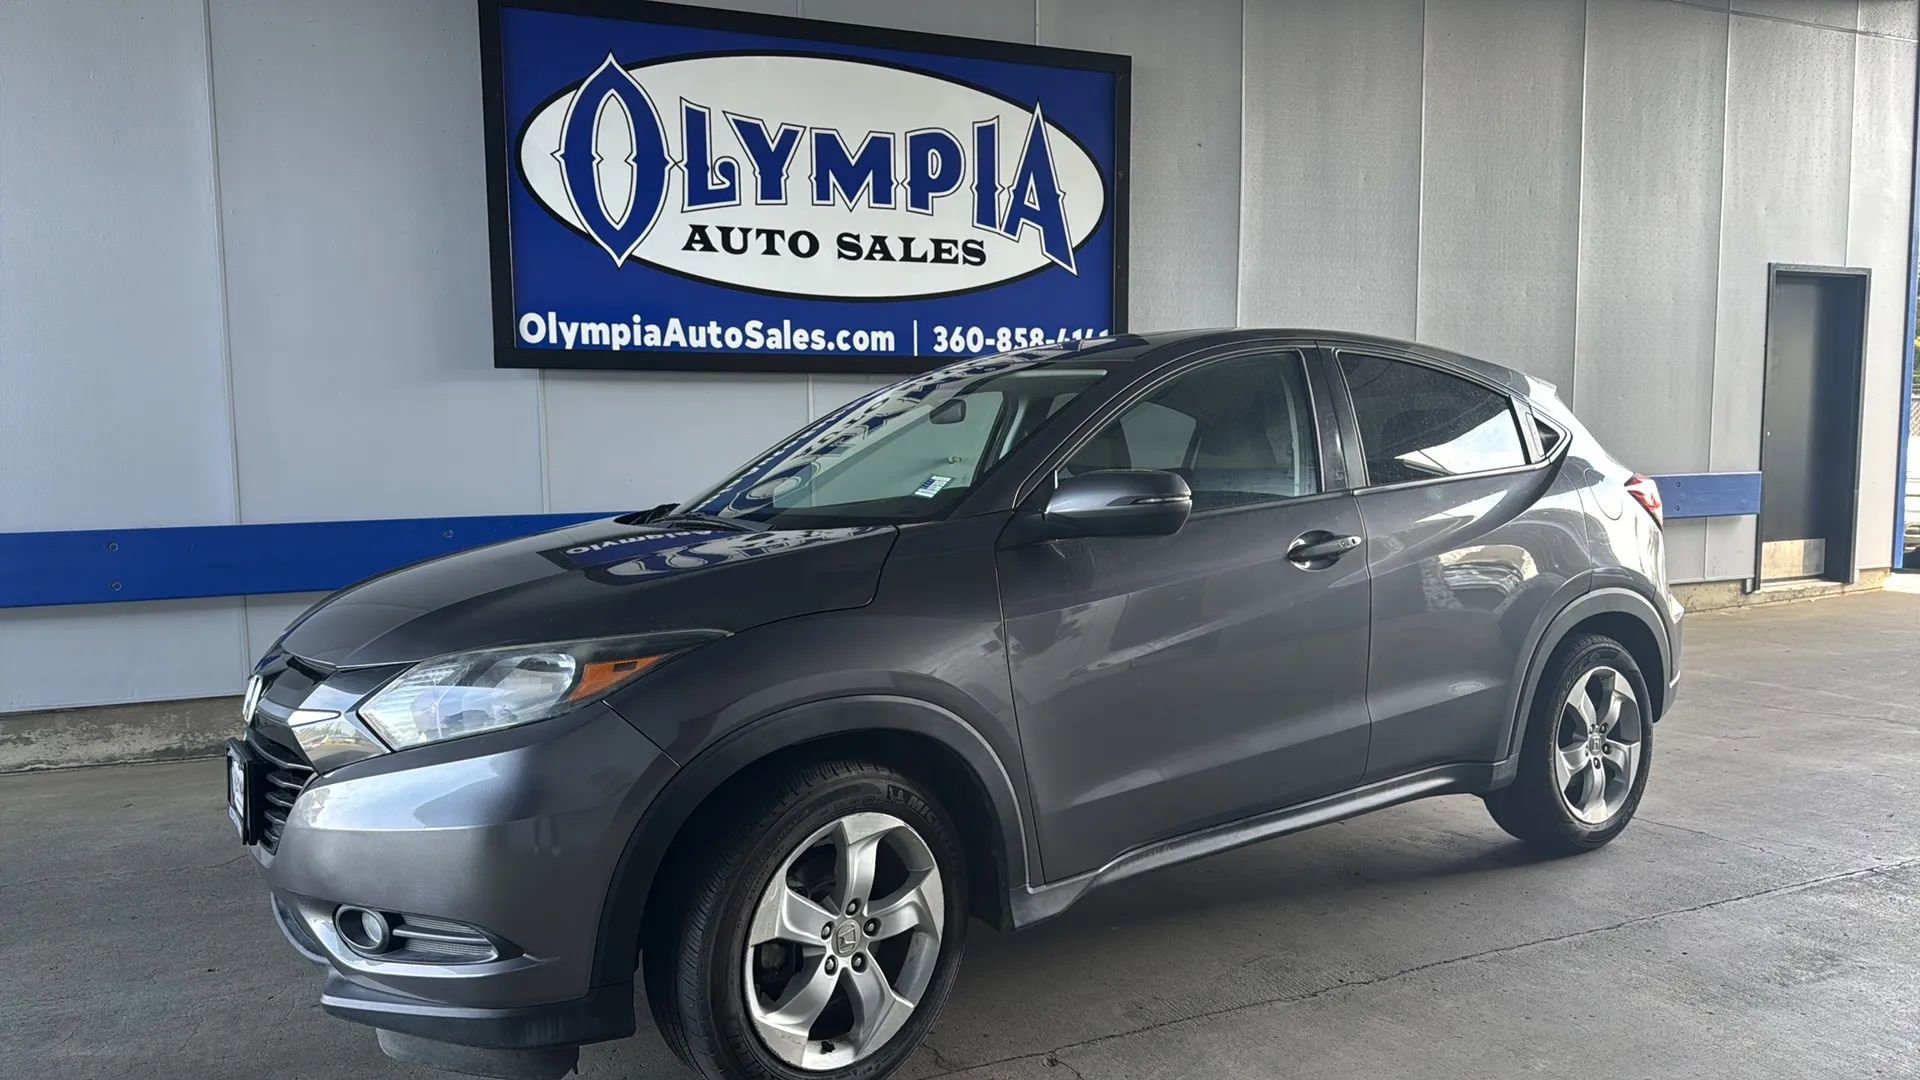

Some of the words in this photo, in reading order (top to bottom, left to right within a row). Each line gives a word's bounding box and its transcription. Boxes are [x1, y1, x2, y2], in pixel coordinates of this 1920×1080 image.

[552, 50, 1078, 276] OLYMPIA
[681, 224, 820, 259] AUTO
[836, 232, 986, 266] SALES
[518, 311, 895, 351] OlympiaAutoSales.com
[933, 325, 1109, 353] 360-858-4

----

> _Directions for this task_:
Output all entries unchanged; skip the pictures.

> _Your response_:
Some of the words in this photo, in reading order (top to bottom, left to right within a row). Each line gives a word's bounding box and its transcription. Boxes are [x1, y1, x2, y2], in pixel coordinates of this 1920×1080 image.

[552, 50, 1078, 276] OLYMPIA
[681, 224, 820, 259] AUTO
[836, 232, 986, 266] SALES
[518, 311, 895, 351] OlympiaAutoSales.com
[933, 325, 1109, 353] 360-858-4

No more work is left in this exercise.